Does nothing because you are checking a radio which by definition from your selector is already checked. What are you trying to do, here?

Note that if you are doing this in a radio button onclick handler, the :checked radio during the execution of the function will not be the newly-clicked one, it'll be the one that was previously checked. It is not until onclick event handling is finished that the click-to-change-checkedness actually goes through. If you want to find out the new radio during an onclick, you will have to look at this or the event object, depending on how you're calling the function.


Re other answers:

attr('checked','checked')

Can we please stop giving this out?
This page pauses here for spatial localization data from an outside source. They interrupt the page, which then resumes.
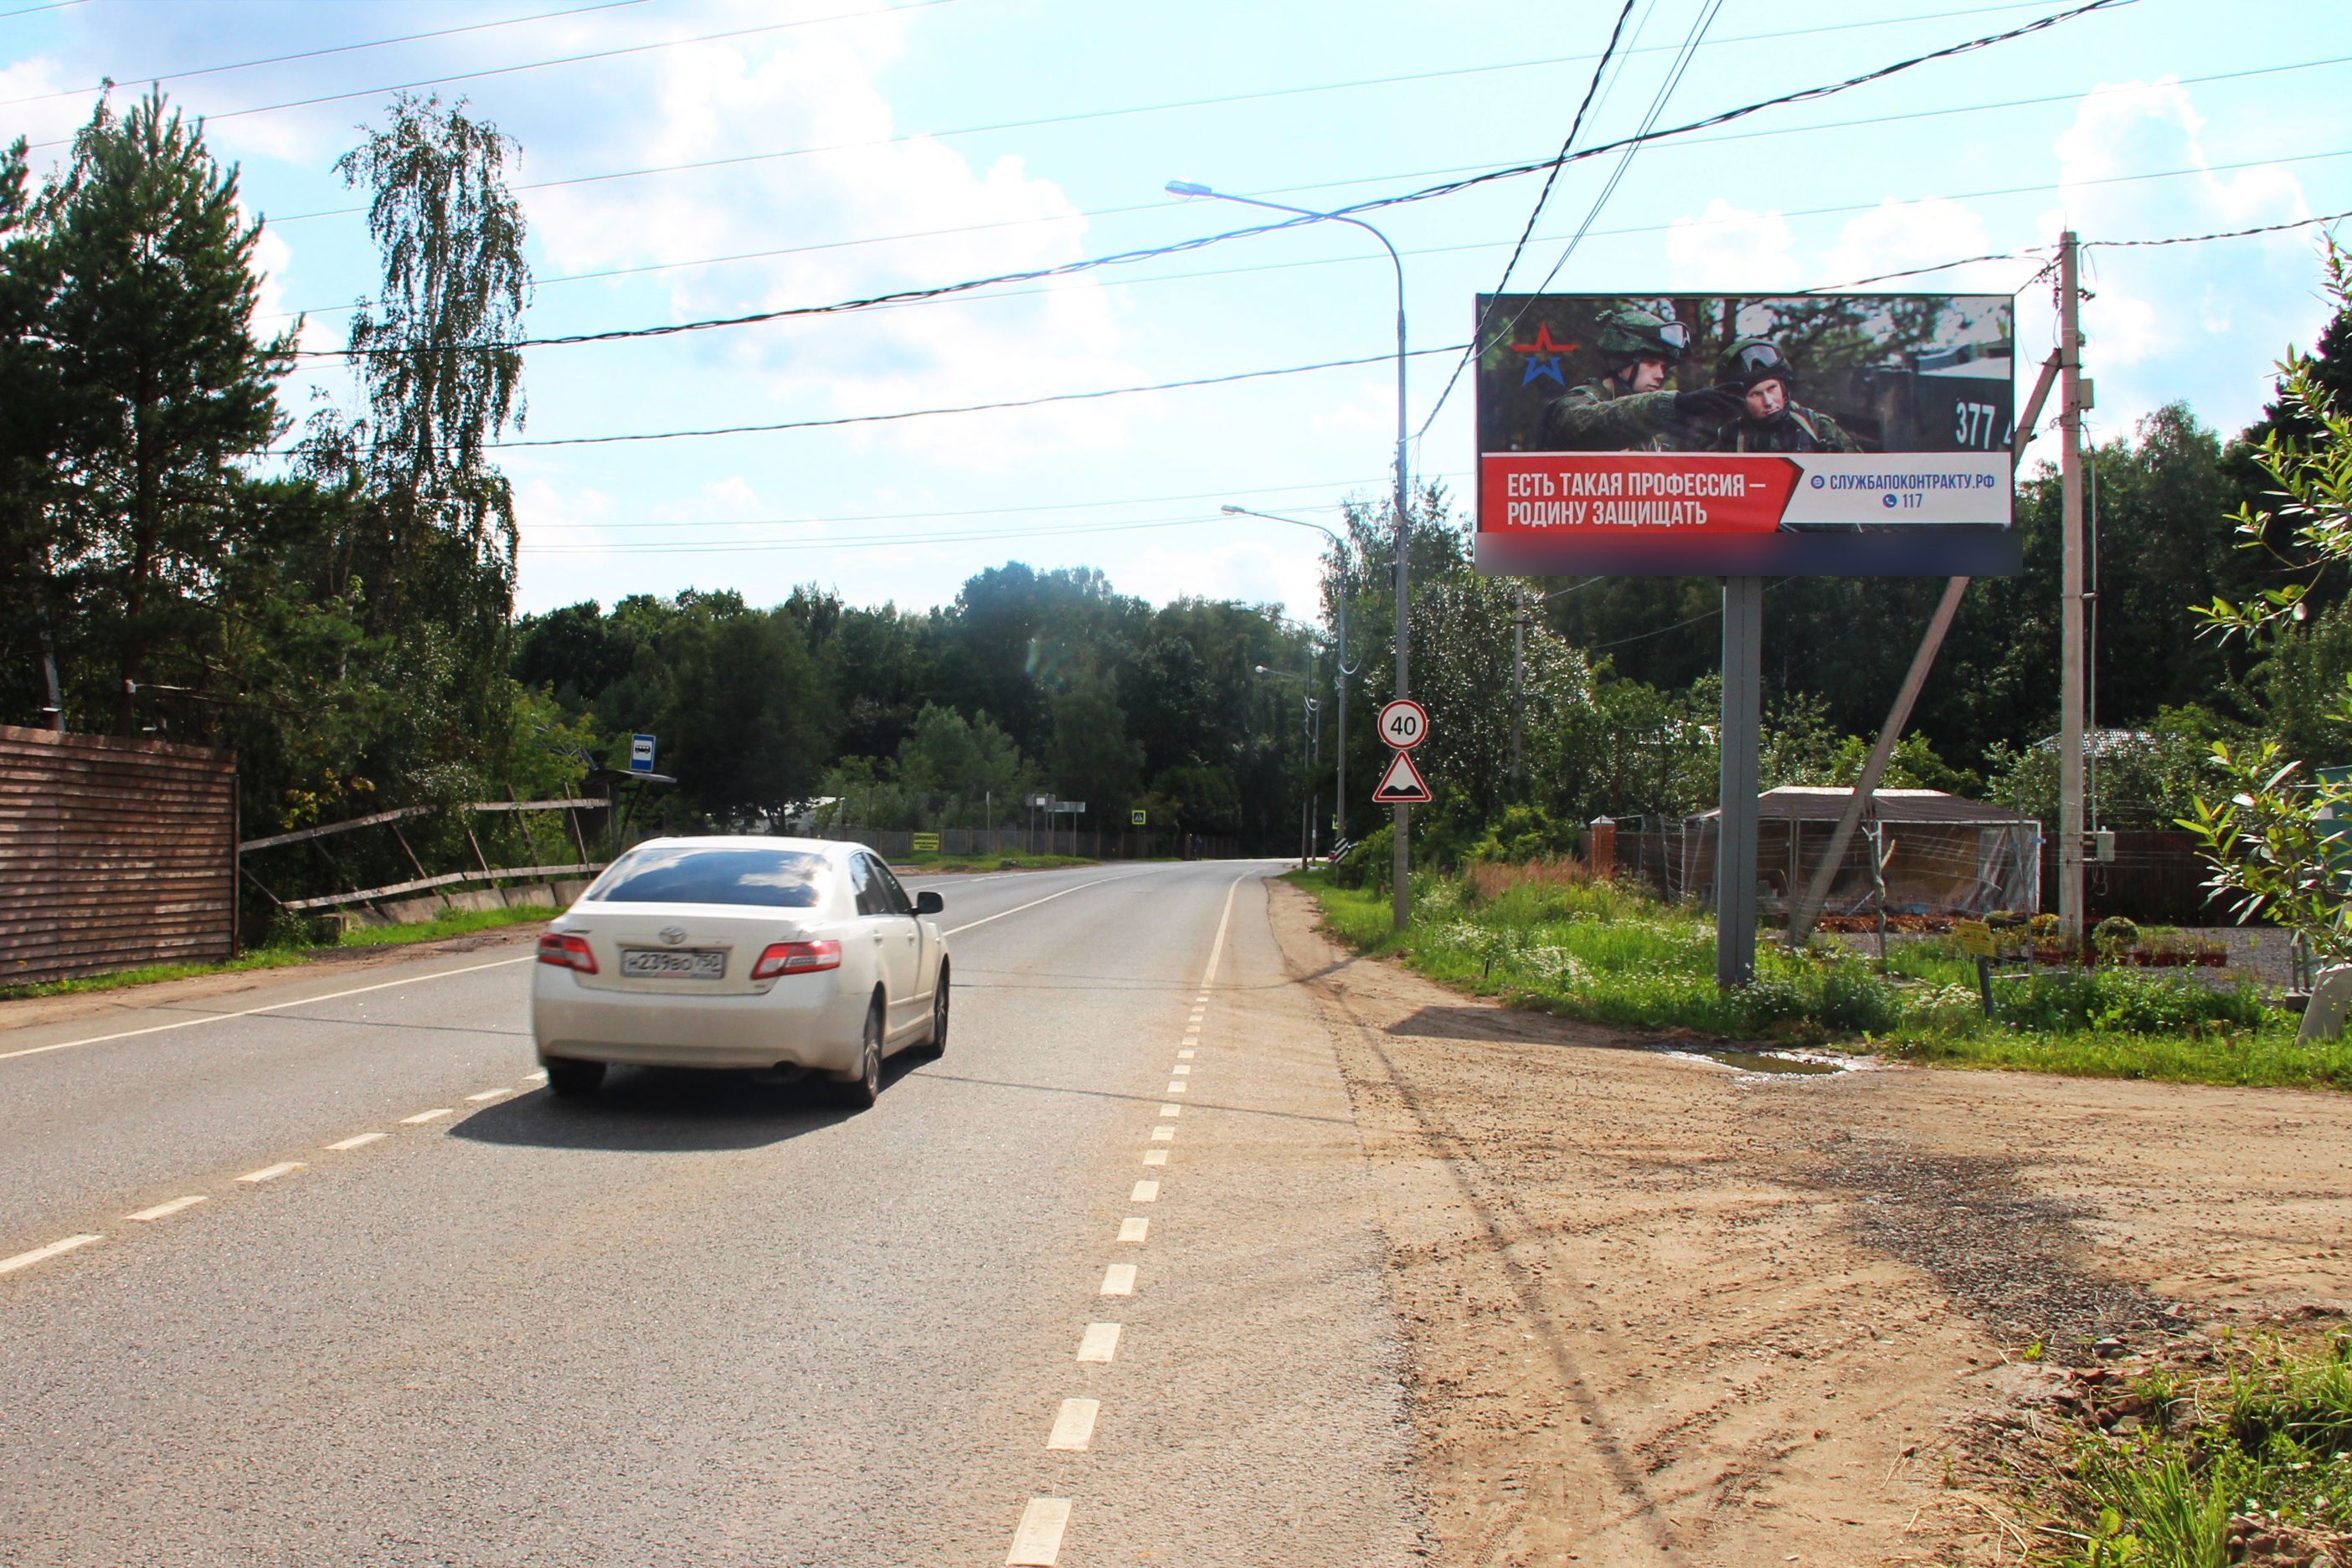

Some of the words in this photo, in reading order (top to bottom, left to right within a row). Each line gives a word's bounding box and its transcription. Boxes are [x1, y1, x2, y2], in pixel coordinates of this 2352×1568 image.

[1956, 402, 1995, 450] 377
[1507, 473, 1555, 497] ЕСТЬ
[1559, 473, 1623, 496] ТАКАЯ
[1628, 472, 1745, 497] ПРОФЕССИЯ
[1830, 474, 1995, 490] СЛУЖБАПОКОНТРАКТУ.РФ
[1902, 494, 1923, 508] 117
[1507, 501, 1587, 527] РОДИНУ
[1593, 501, 1707, 527] ЗАЩИЩАТЬ
[1390, 716, 1417, 736] 40
It works, but not because of the reasons you think. jQuery attr() does not set HTML attributes (except in a couple of corner cases trying to work around browser bugs). It sets JavaScript properties, but trying to fix up the names to match the HTML attributes. So:

attr('checked', true);

or false for unsetting, is the correct approach. The value 'checked' only works because it is truthy when evaluated for a boolean property. Any non-empty string would do exactly the same.

If jQuery did set HTML attributes, attr('checked') would not work, because the HTML checked attribute corresponds to the initial setting of the checkbox (aka defaultChecked), not the current checkedness state.